Greece still being on my bucket list, I have no idea how authentic any Greek salad really is, actually. Is it like pizza.....mostly an American version of some vaguely similar dish? Whatever the answer, as for salads , there's nothing like a tangy Greek salad. If you're in the market for a superb traditional recipe, check my January '08 blog entry. But lettuce doesn't always hold over or travel well, so I often rely on this crisp, crunchy alternative. With nothing delicate to wilt, and no sour cream, yogurt or mayonnaise to be concerned about, there are no worries about refrigeration issues when taking this version anywhere.
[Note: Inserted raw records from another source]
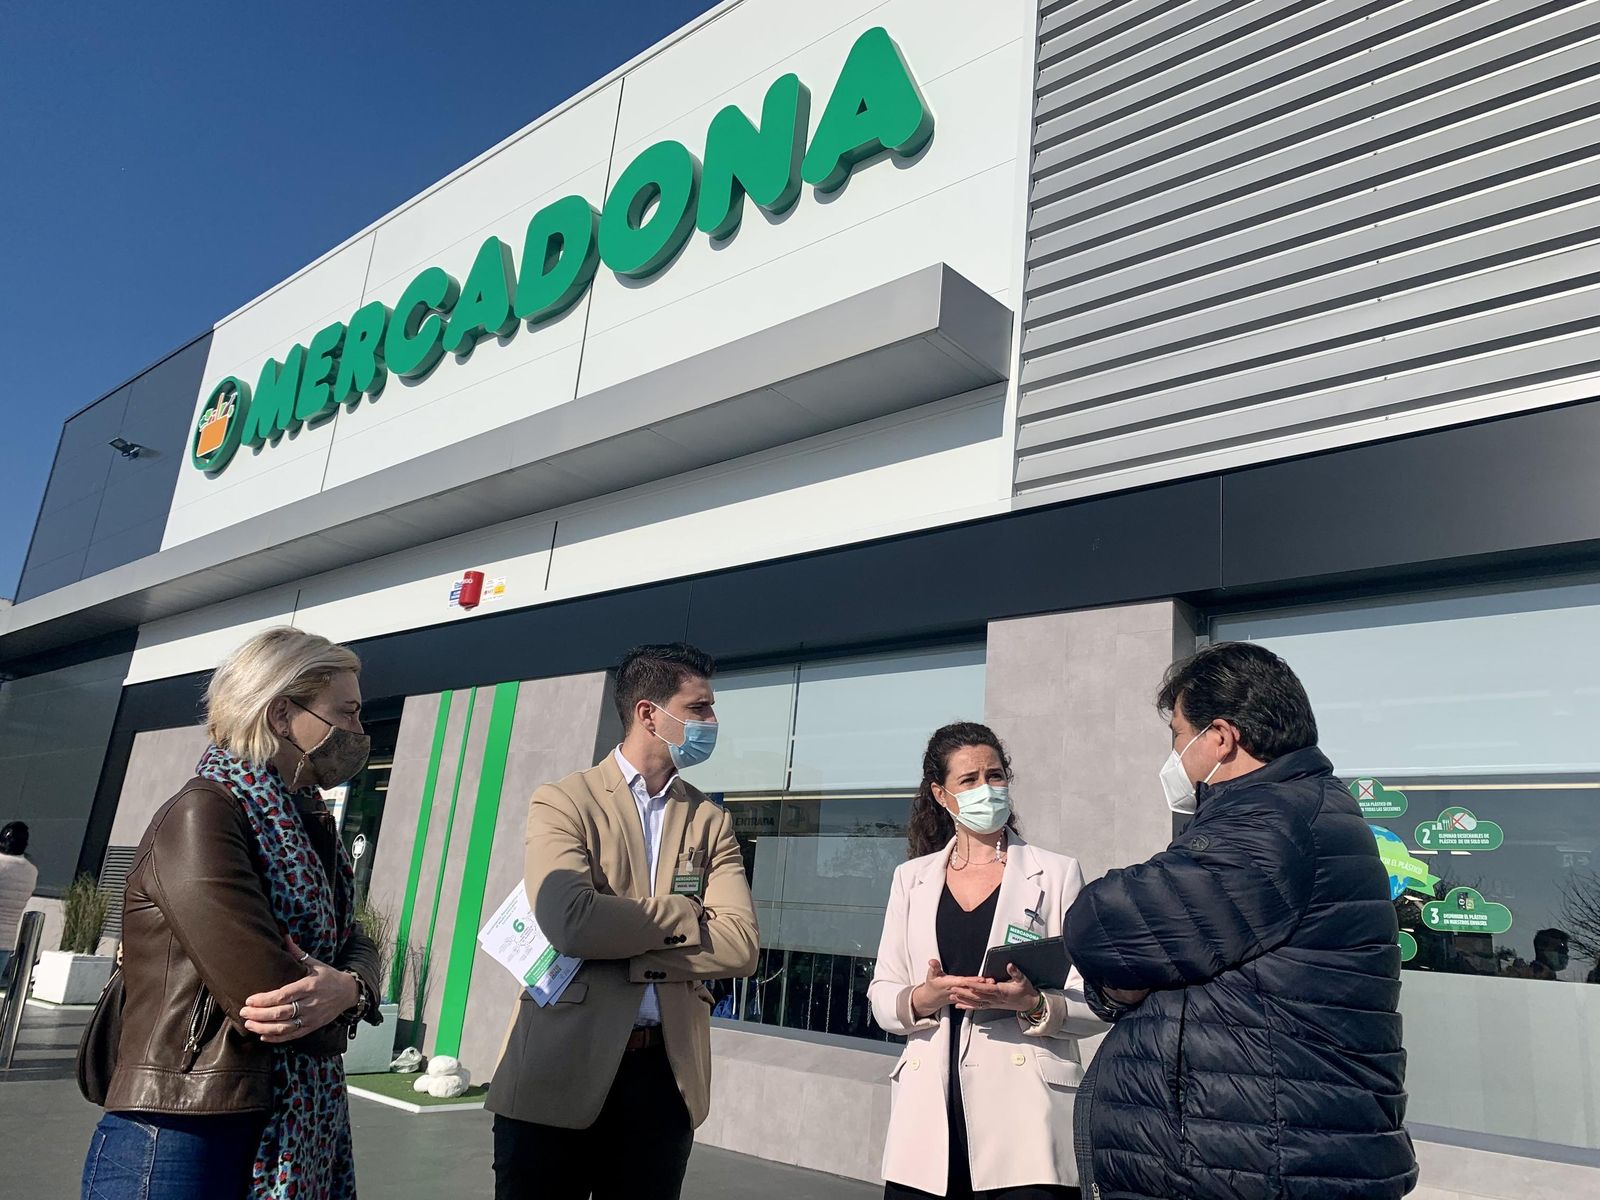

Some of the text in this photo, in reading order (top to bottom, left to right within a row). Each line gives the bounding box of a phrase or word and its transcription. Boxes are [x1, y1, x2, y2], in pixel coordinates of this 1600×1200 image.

[241, 26, 935, 449] MERCADONA
[1422, 828, 1431, 844] 2
[1430, 908, 1440, 924] 3
[512, 918, 525, 933] 6
[1010, 926, 1039, 940] MERCADONA
It was great tonight served with rack of lamb roasted with a little dijon and breadcrumb coating, and I love munching on it for a tasty low-fat, low-cal, low-carb lunch or snack.
Keep the veggies chopped in a uniform size, about nickel size, in order to get a taste of several veggies in each bite. This will easily serve 8 hungry people, it makes a substantial bowlful. I double it when taking to a party and it disappears in a flash.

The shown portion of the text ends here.